Without the images, set down each entry exactly.
-------- Dataset
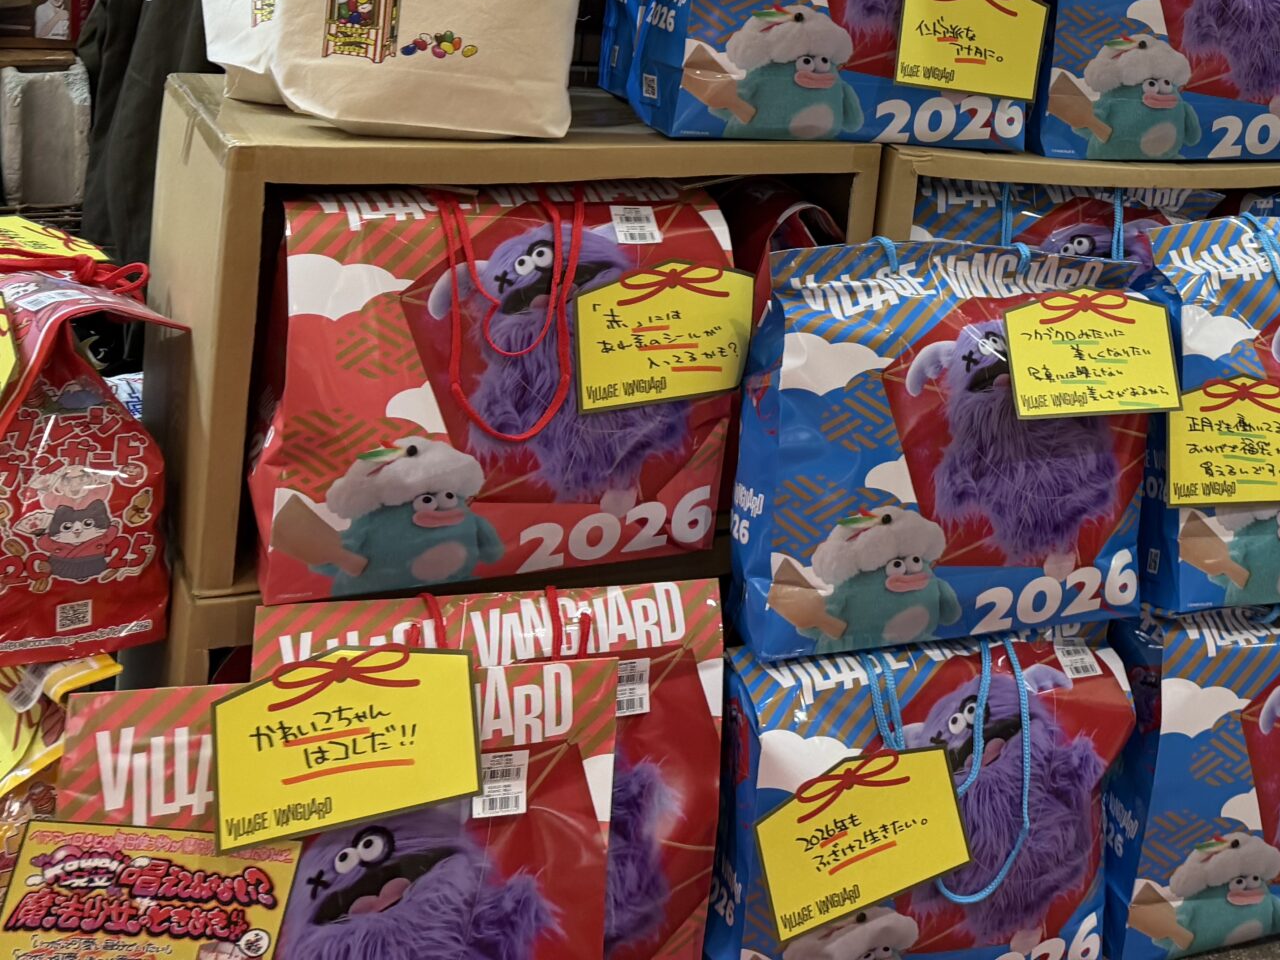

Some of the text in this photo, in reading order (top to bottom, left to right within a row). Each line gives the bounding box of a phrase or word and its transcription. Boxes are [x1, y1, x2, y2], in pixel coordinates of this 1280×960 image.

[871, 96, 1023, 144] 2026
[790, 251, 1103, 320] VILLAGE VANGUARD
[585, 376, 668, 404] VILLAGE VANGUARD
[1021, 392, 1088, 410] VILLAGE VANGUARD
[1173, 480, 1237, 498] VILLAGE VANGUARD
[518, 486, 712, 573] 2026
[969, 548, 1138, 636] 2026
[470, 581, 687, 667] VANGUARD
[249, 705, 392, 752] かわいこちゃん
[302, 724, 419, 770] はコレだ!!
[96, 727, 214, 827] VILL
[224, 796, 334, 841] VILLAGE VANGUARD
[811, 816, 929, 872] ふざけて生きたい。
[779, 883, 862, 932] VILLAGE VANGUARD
----------------
Response to the exercise:
Some of the text in this photo, in reading order (top to bottom, left to right within a row). Each line gives the bounding box of a phrase or word and its transcription. Boxes are [x1, y1, x2, y2], in pixel coordinates of this 1280×960 image.

[871, 96, 1023, 144] 2026
[790, 251, 1103, 320] VILLAGE VANGUARD
[585, 376, 668, 404] VILLAGE VANGUARD
[1021, 392, 1088, 410] VILLAGE VANGUARD
[1173, 480, 1237, 498] VILLAGE VANGUARD
[518, 486, 712, 573] 2026
[969, 548, 1138, 636] 2026
[470, 581, 687, 667] VANGUARD
[249, 705, 392, 752] かわいこちゃん
[302, 724, 419, 770] はコレだ!!
[96, 727, 214, 827] VILL
[224, 796, 334, 841] VILLAGE VANGUARD
[811, 816, 929, 872] ふざけて生きたい。
[779, 883, 862, 932] VILLAGE VANGUARD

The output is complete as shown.